Study Objective. To evaluate the long-term safety and efficacy of glyburide versus pioglitazone in patients with a recent diagnosis of type 2 diabetes mellitus.
Design. Prospective, randomized, multicenter, double-blind trial with a 16-week titration period and a 40-week maintenance period.
Setting. Sixty-five investigative sites in the United States and Puerto Rico.
Patients. Five hundred two subjects with a recent diagnosis of type 2 diabetes that was unsuccessfully treated with diet and exercise were randomly assigned to study treatment. Of the 251 patients in each treatment group, 128 (51.0%) glyburide-treated patients and 134 (53.4%) pioglitazone-treated patients completed the study.

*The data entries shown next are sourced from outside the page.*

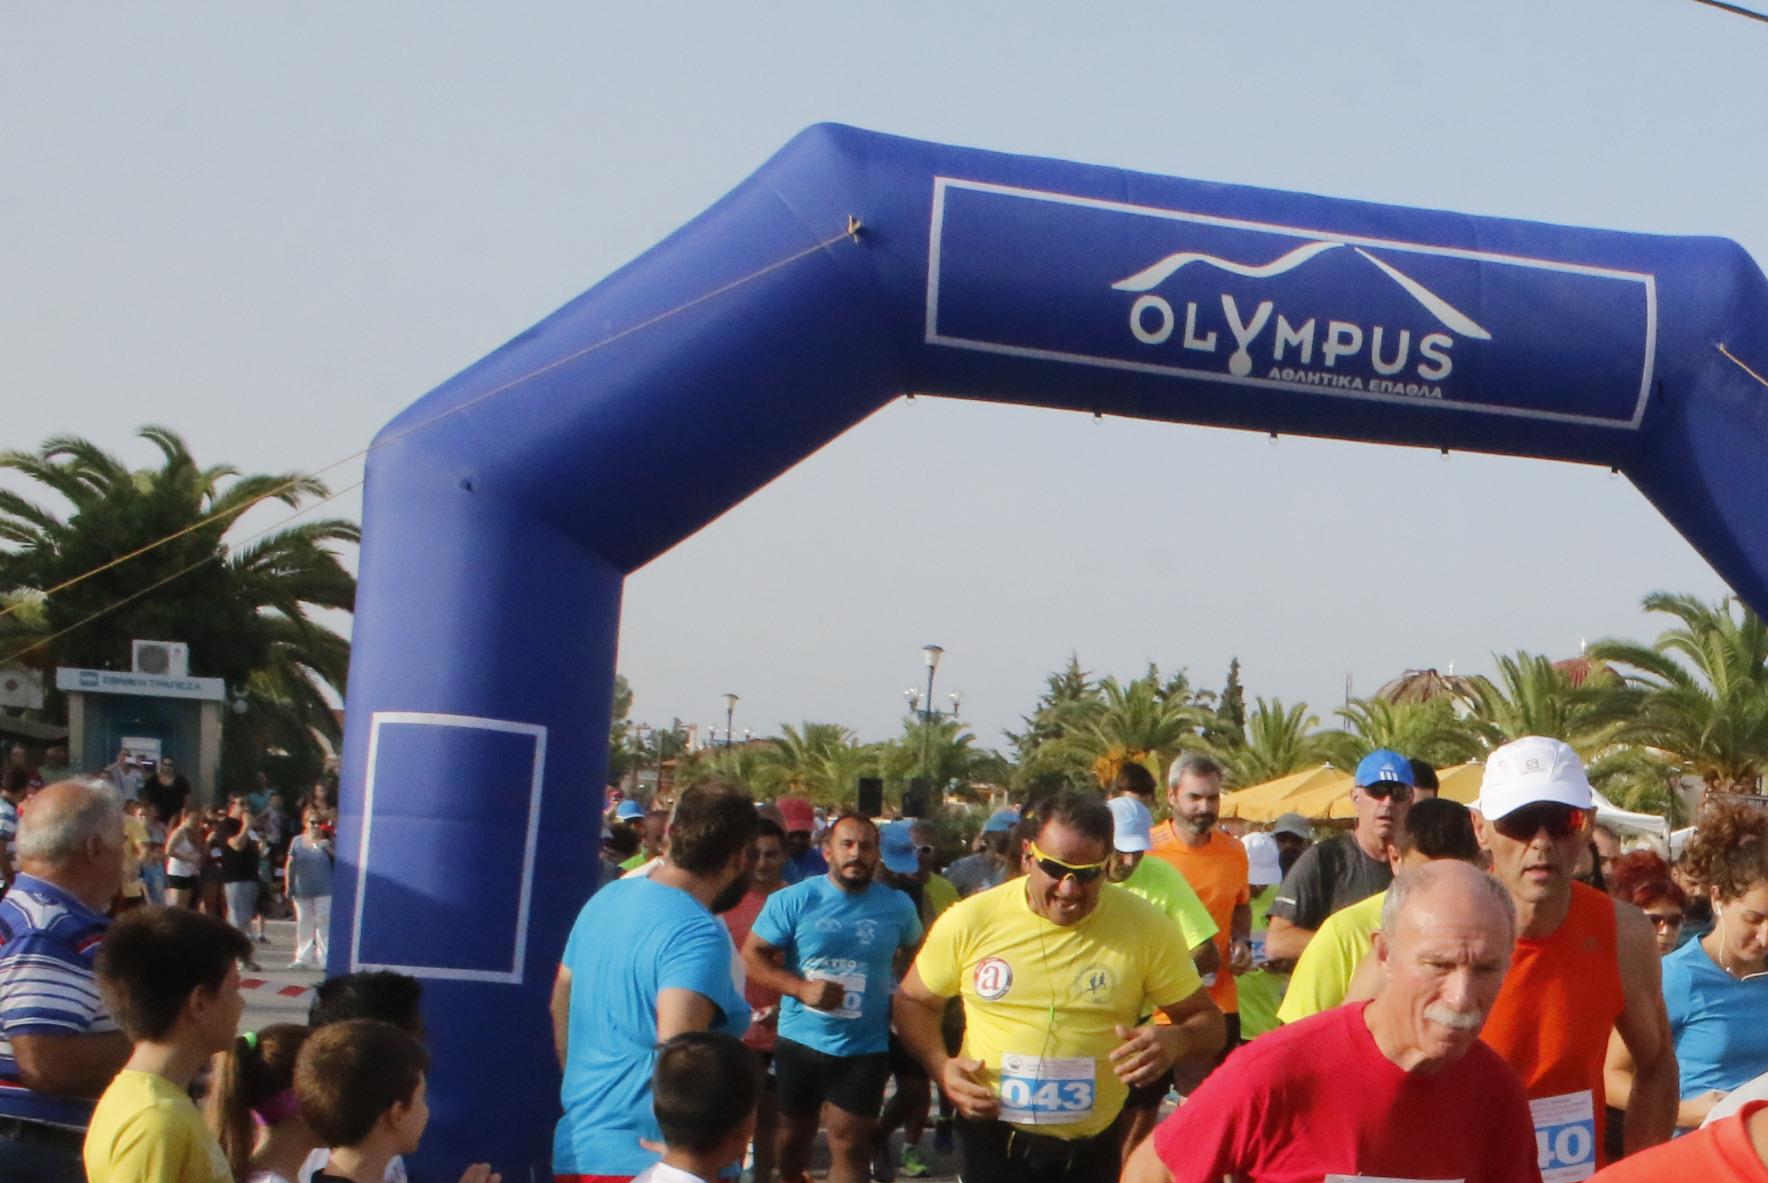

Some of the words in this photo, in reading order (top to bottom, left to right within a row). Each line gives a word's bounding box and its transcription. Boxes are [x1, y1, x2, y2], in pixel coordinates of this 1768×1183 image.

[1130, 294, 1454, 381] OLYMPUS
[1268, 366, 1364, 391] ΑΘΛΗΤΙΚΑ
[1368, 377, 1443, 400] ΕΠΑΘΛΑ
[1001, 1079, 1092, 1110] 043
[1535, 1126, 1592, 1168] 40
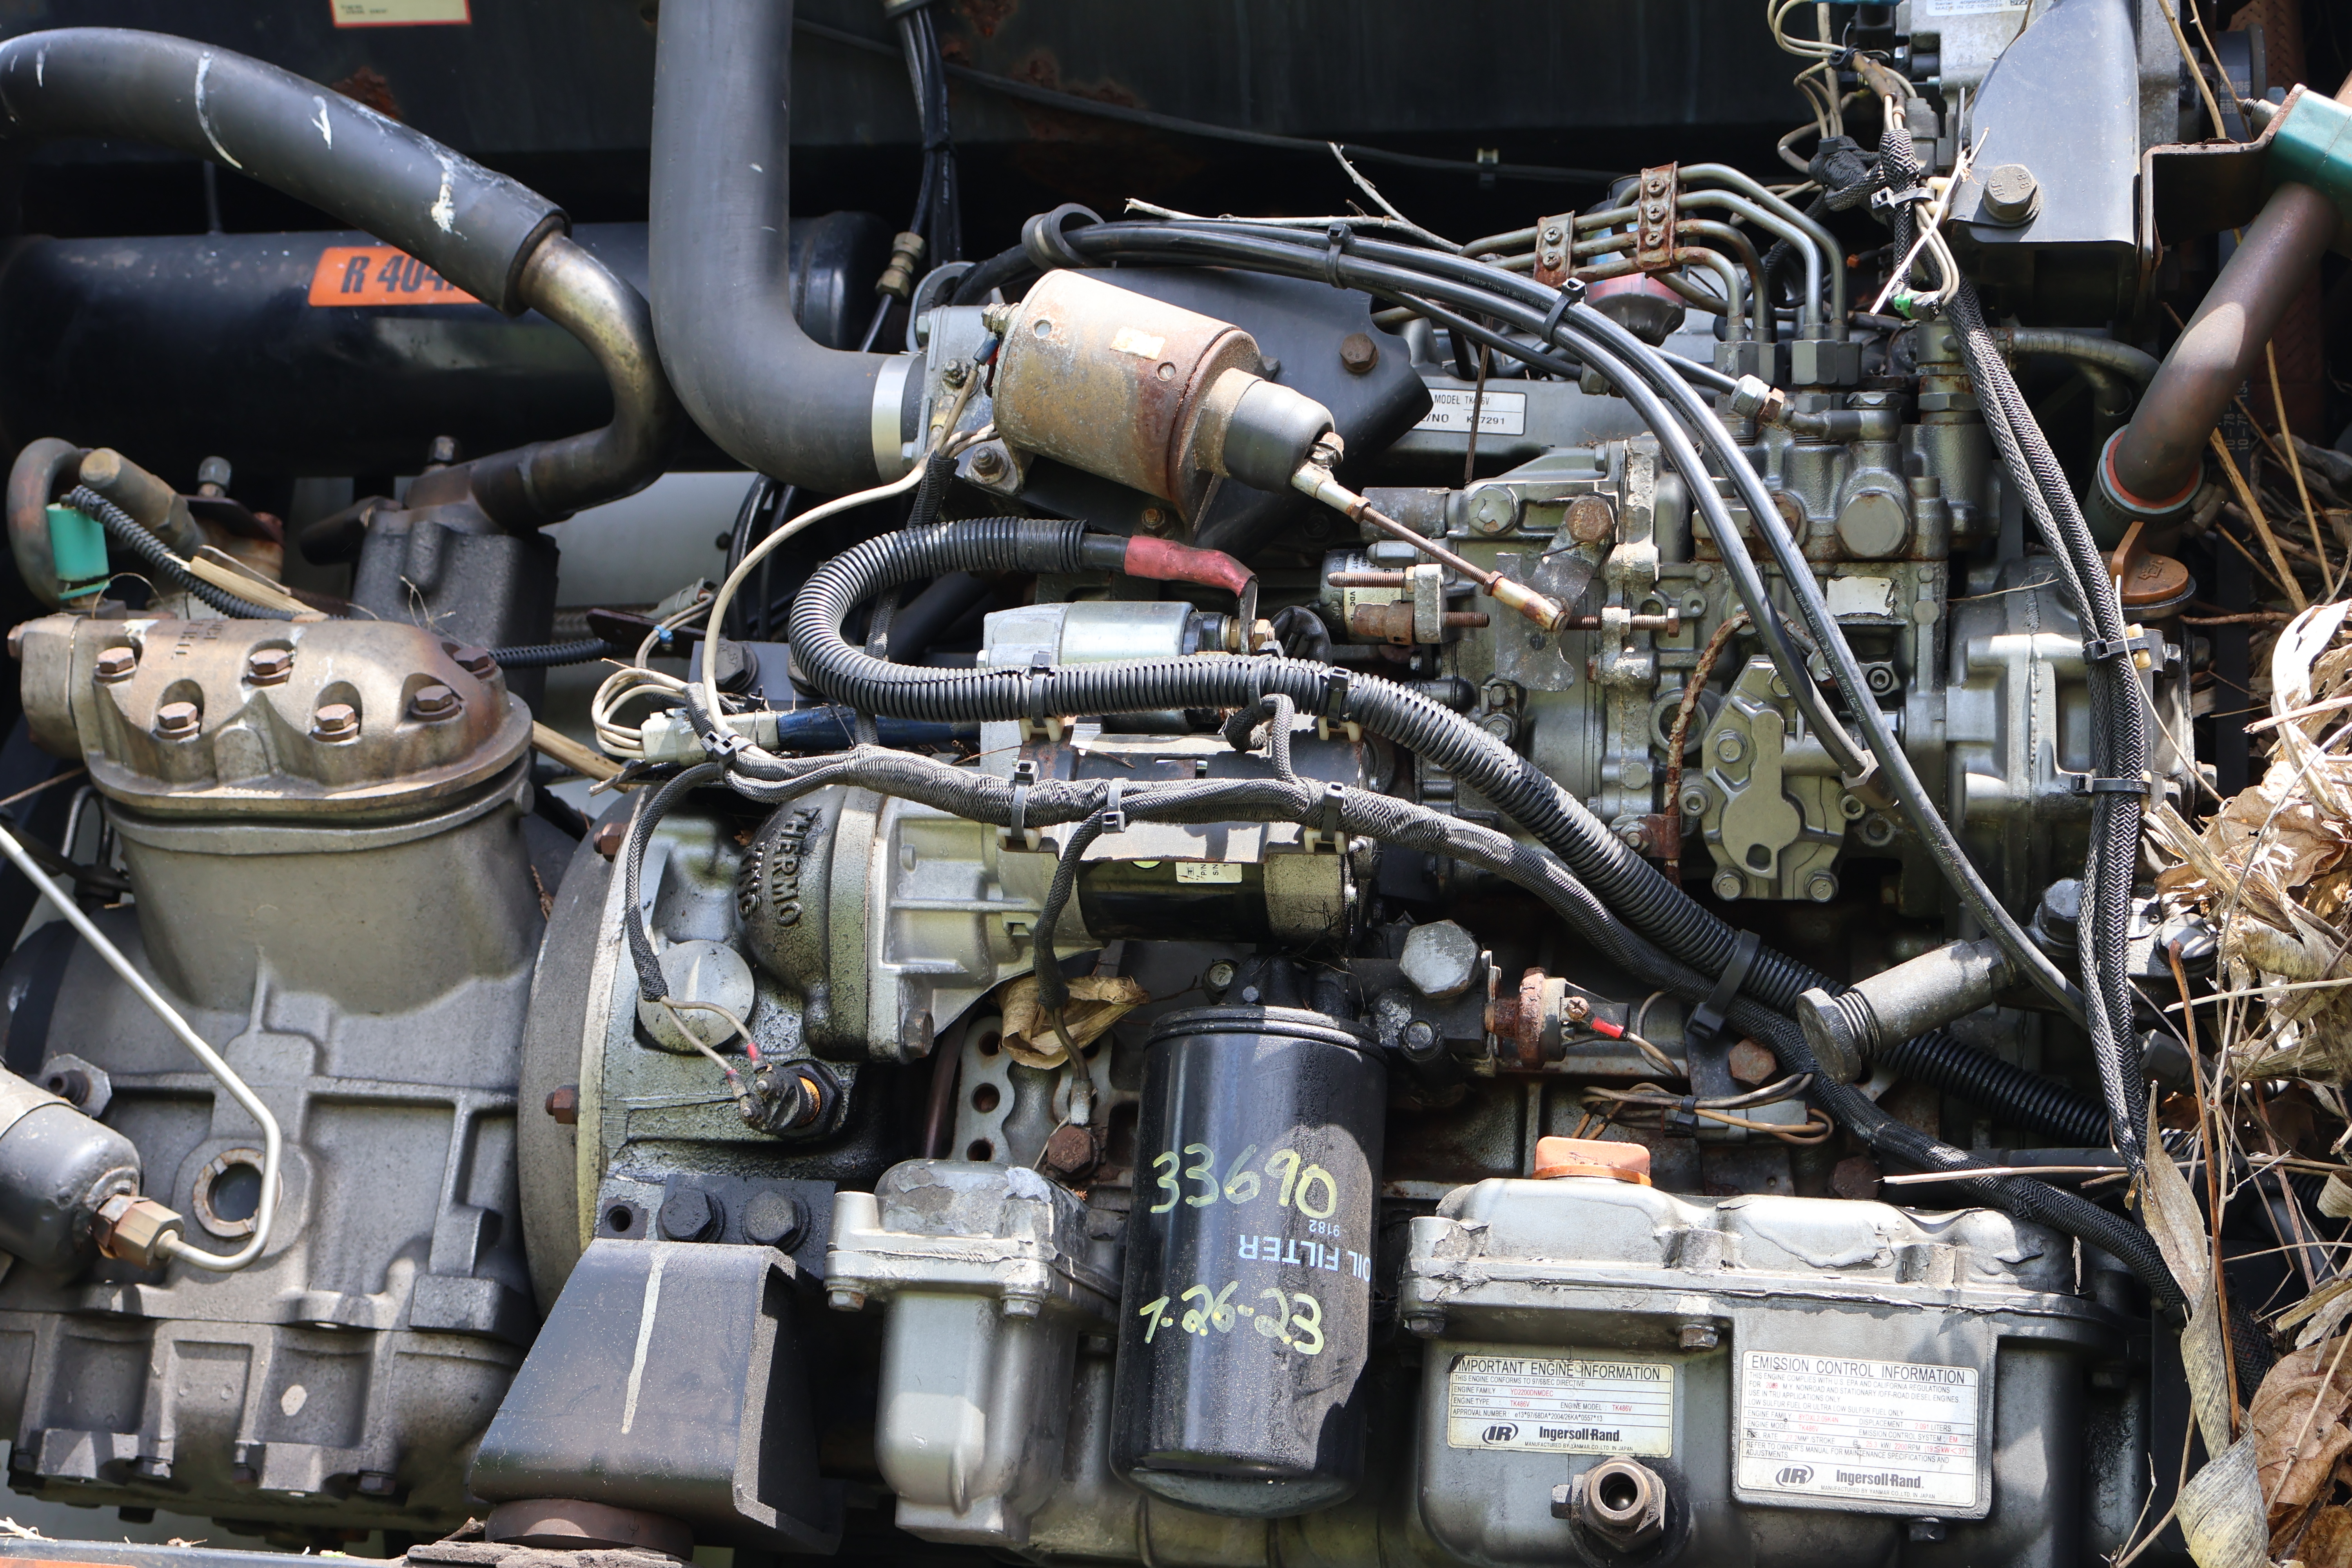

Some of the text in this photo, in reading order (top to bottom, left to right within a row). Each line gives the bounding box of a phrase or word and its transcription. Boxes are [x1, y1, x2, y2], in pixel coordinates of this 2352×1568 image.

Interventions. Dosages of randomly assigned glyburide and pioglitazone were titrated every 4 weeks for 16 weeks in 5-mg/day and 15-mg/day increments, respectively, until a fasting plasma glucose level between 69 and 141 mg/dl was achieved. The optimized regimen was maintained during the subsequent 40-week double-blind phase.
Measurements and Main Results. At week 56, glyburide and pioglitazone improved glucose control comparably (change in hemoglobin A1c −2.02% and −2.07%, respectively, p=0.669). Withdrawal due to lack of efficacy or adverse events occurred more frequently with glyburide (20.8%) than pioglitazone (12.8%, p<0.032). Significantly higher percentages of glyburide- than pioglitazone-treated patients had a hypoglycemic (24.3% vs 4.4%, p=0.0001) or cardiac (8.8% vs 4.4%, p=0.0478) event. Edema (4.8% vs 7.9%, p=0.1443) and weight gain (4.4% vs 4.0%, p=0.8238) did not differ significantly between the glyburide and pioglitazone groups. Only a few patients discontinued study drug because of weight gain (one glyburide, one pioglitazone), edema (one pioglitazone), or a cardiac event (two glyburide).
Conclusion. With long-term treatment, both glyburide and pioglitazone resulted in comparable glycemic control; however, pioglitazone was associated with less hypoglycemia and fewer withdrawals due to lack of efficacy or adverse events.